WORK INSTRUCTIONS: Every entry below should be reproduced exactly, with all pictures left out.

(Referring expression grounding data)
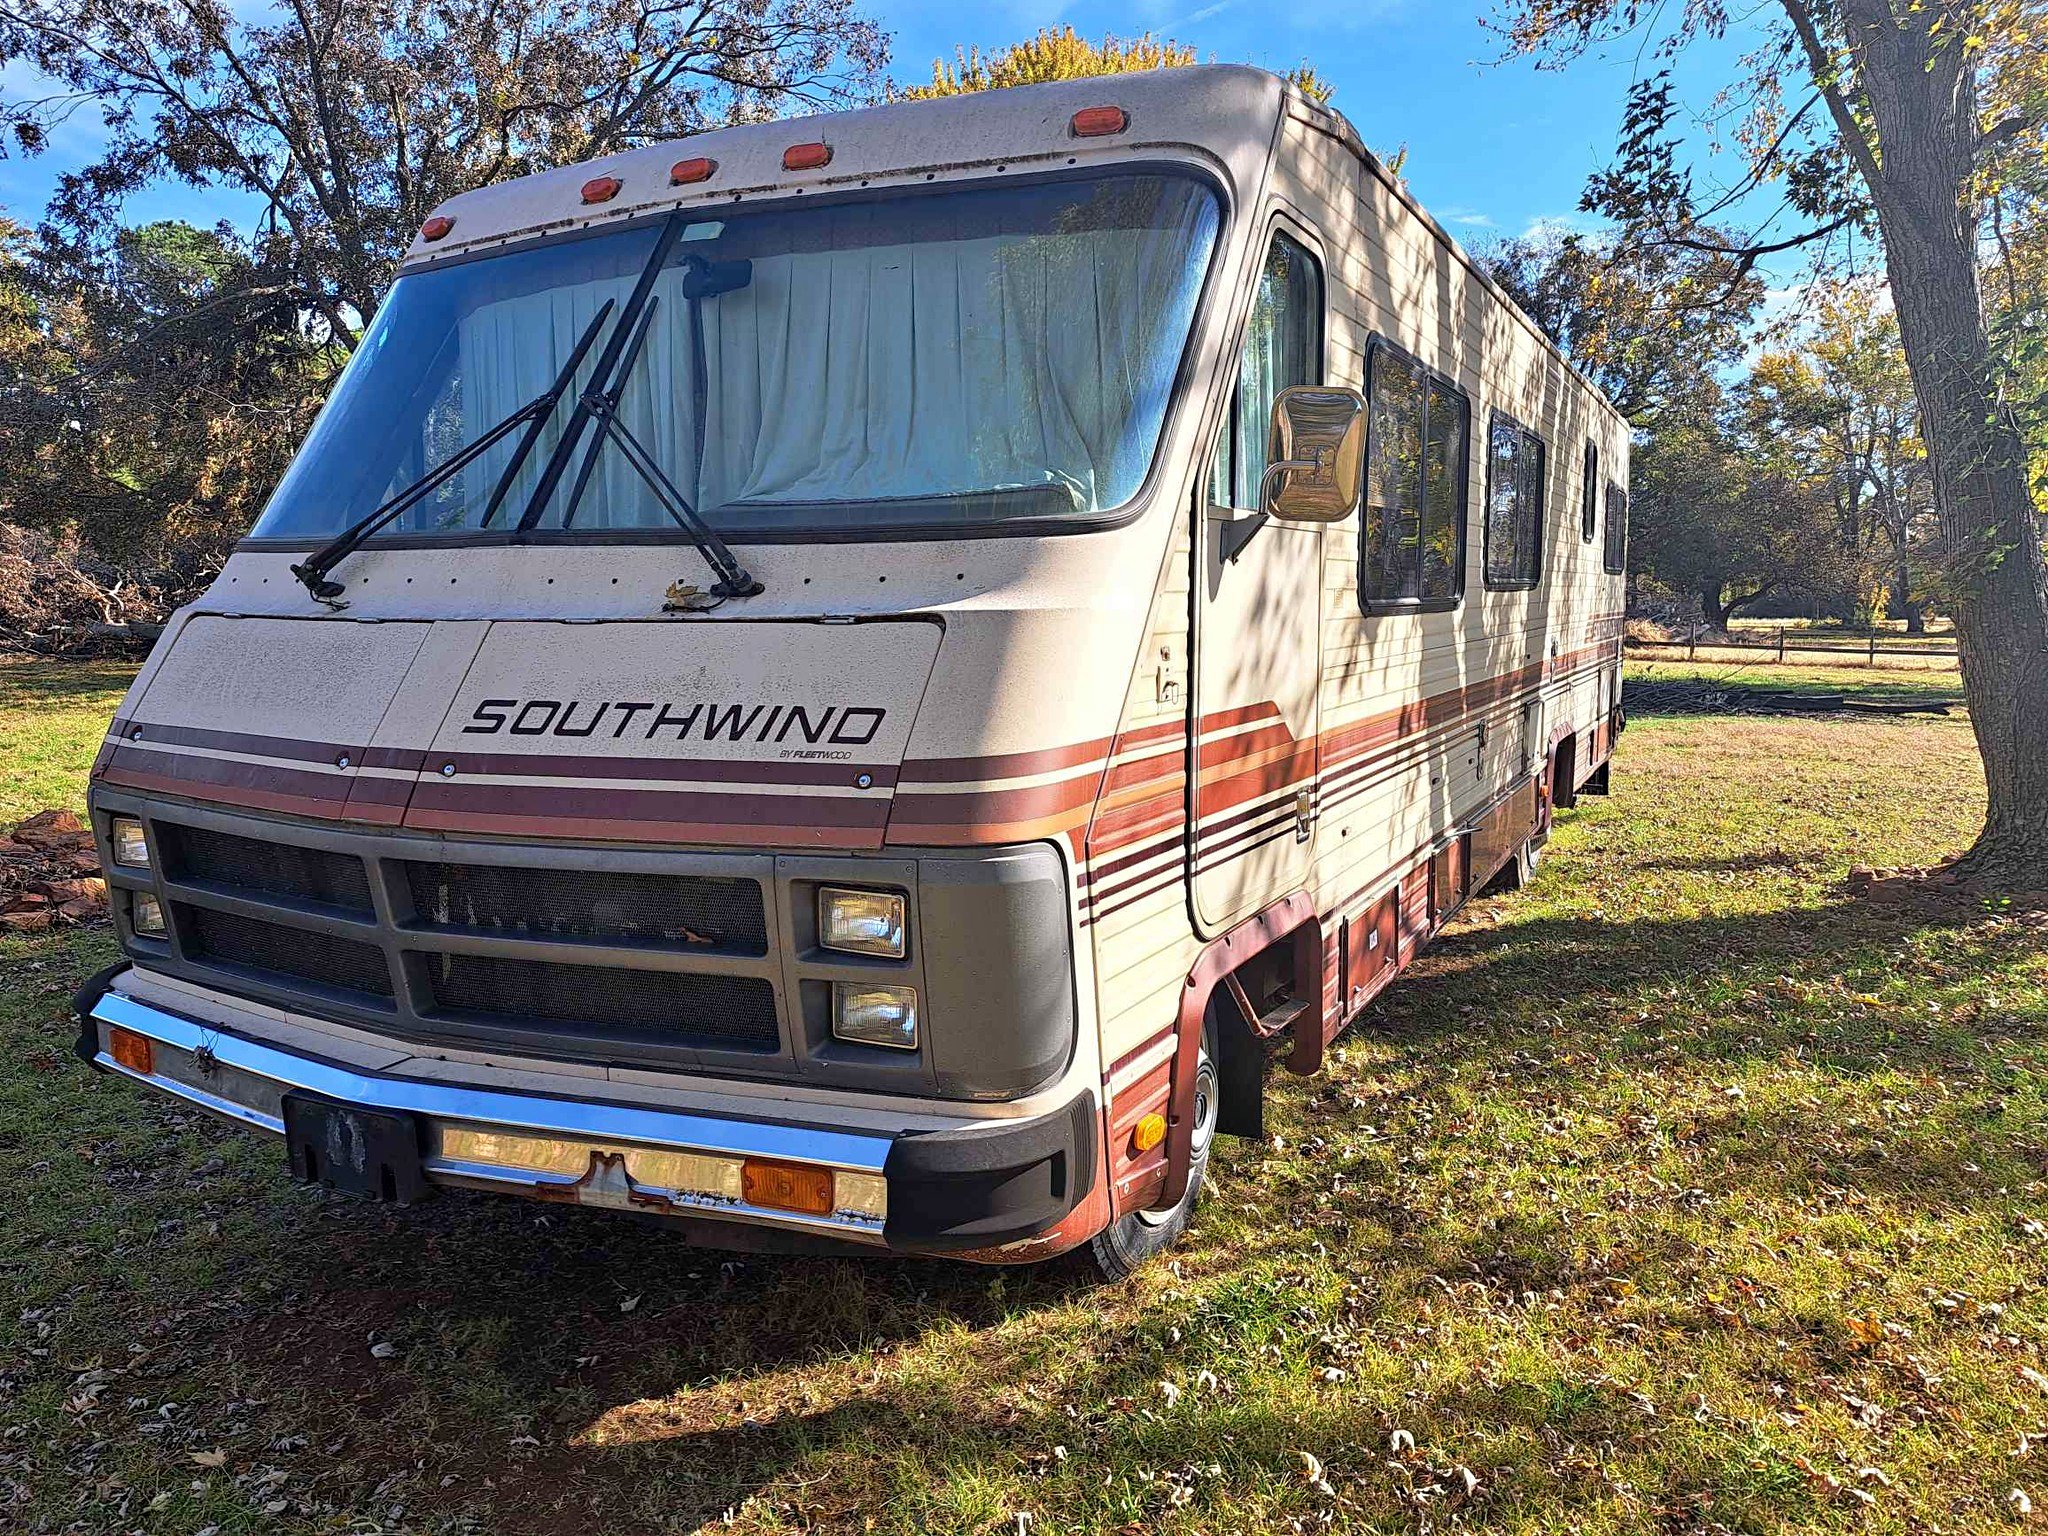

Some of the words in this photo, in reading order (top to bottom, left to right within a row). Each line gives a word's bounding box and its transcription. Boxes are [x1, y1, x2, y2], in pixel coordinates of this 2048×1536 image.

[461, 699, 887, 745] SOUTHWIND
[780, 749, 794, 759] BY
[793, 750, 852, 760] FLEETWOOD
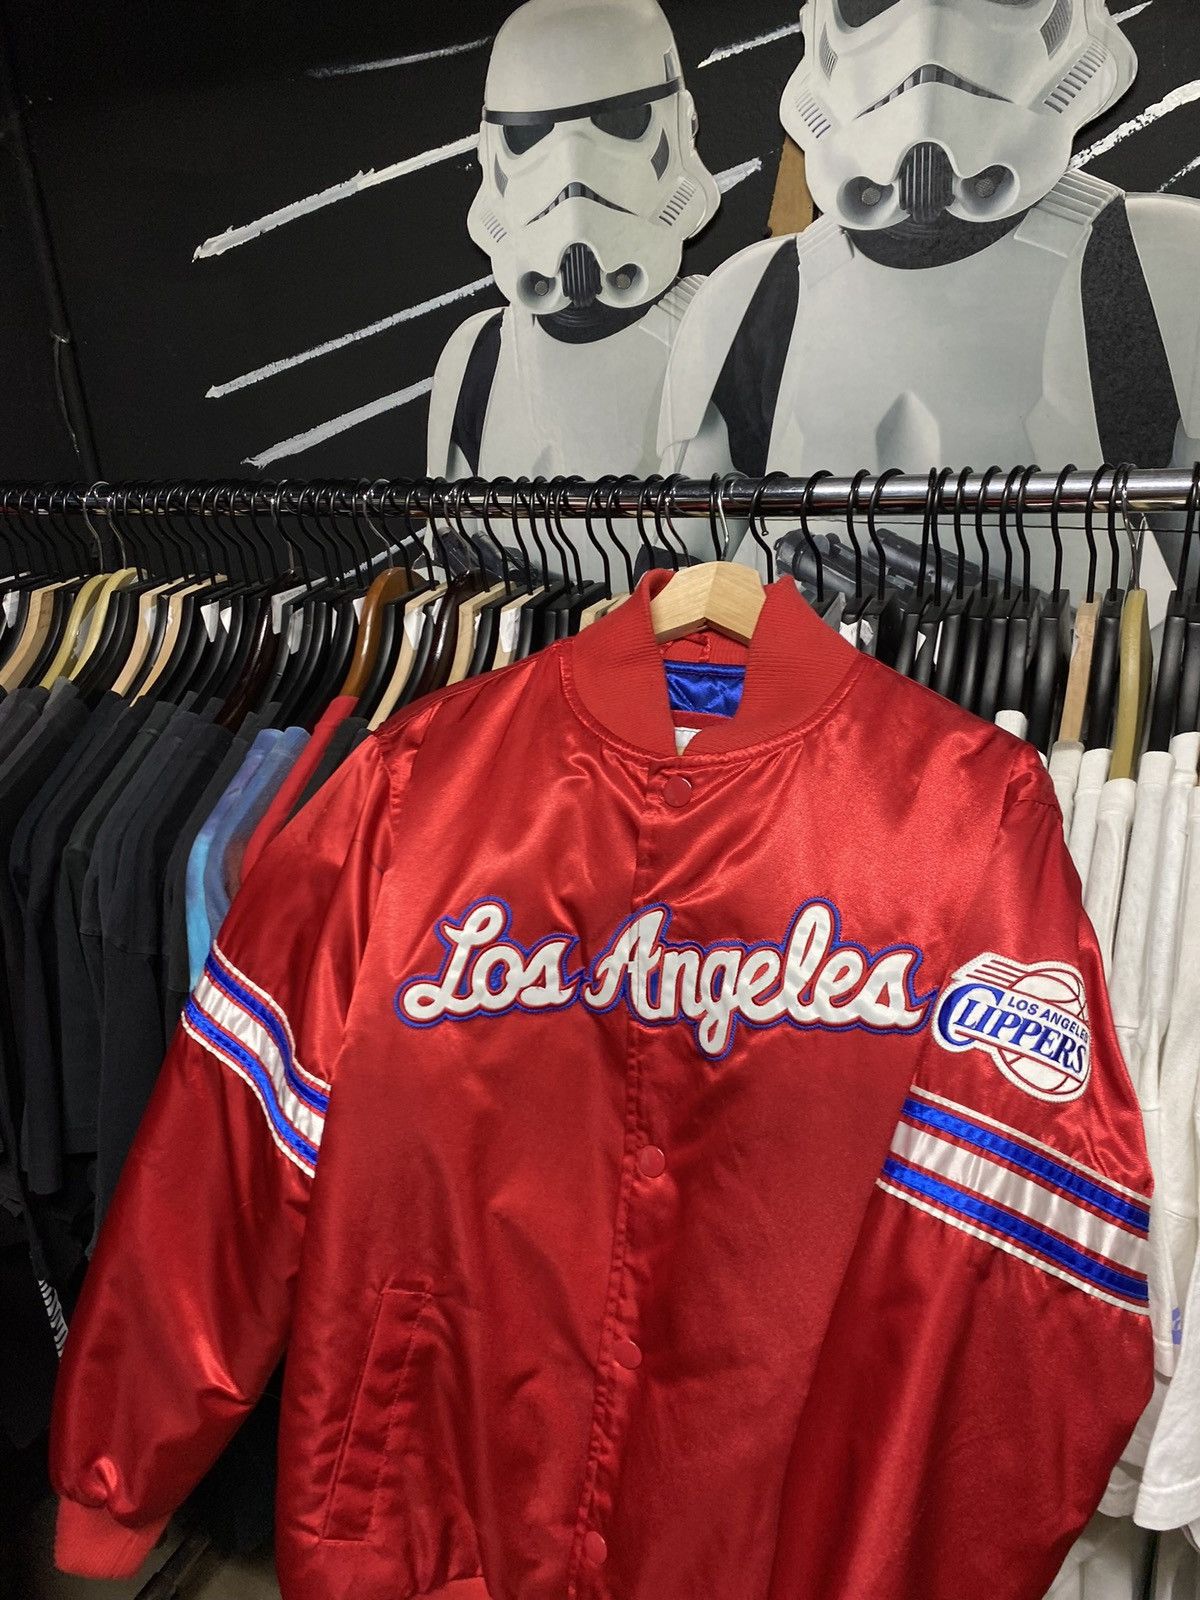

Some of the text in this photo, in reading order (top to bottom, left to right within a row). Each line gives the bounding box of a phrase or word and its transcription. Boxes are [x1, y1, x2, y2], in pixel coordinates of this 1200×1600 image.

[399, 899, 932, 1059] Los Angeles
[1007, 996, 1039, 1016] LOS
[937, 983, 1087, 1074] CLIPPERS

RESULT BELOW:
Some of the words in this photo, in reading order (top to bottom, left to right within a row). Each line gives a word's bounding box and its transcription. Boxes are [x1, y1, x2, y2], in pixel coordinates of this 2048×1536 image.

[461, 699, 887, 745] SOUTHWIND
[780, 749, 794, 759] BY
[793, 750, 852, 760] FLEETWOOD

Some of the text in this photo, in reading order (top to bottom, left to right within a row). Each line gives the bounding box of a phrase or word and its transcription. Boxes are [x1, y1, x2, y2], in pixel coordinates of this 1200×1600 image.

[399, 899, 932, 1059] Los Angeles
[1007, 996, 1039, 1016] LOS
[937, 983, 1087, 1074] CLIPPERS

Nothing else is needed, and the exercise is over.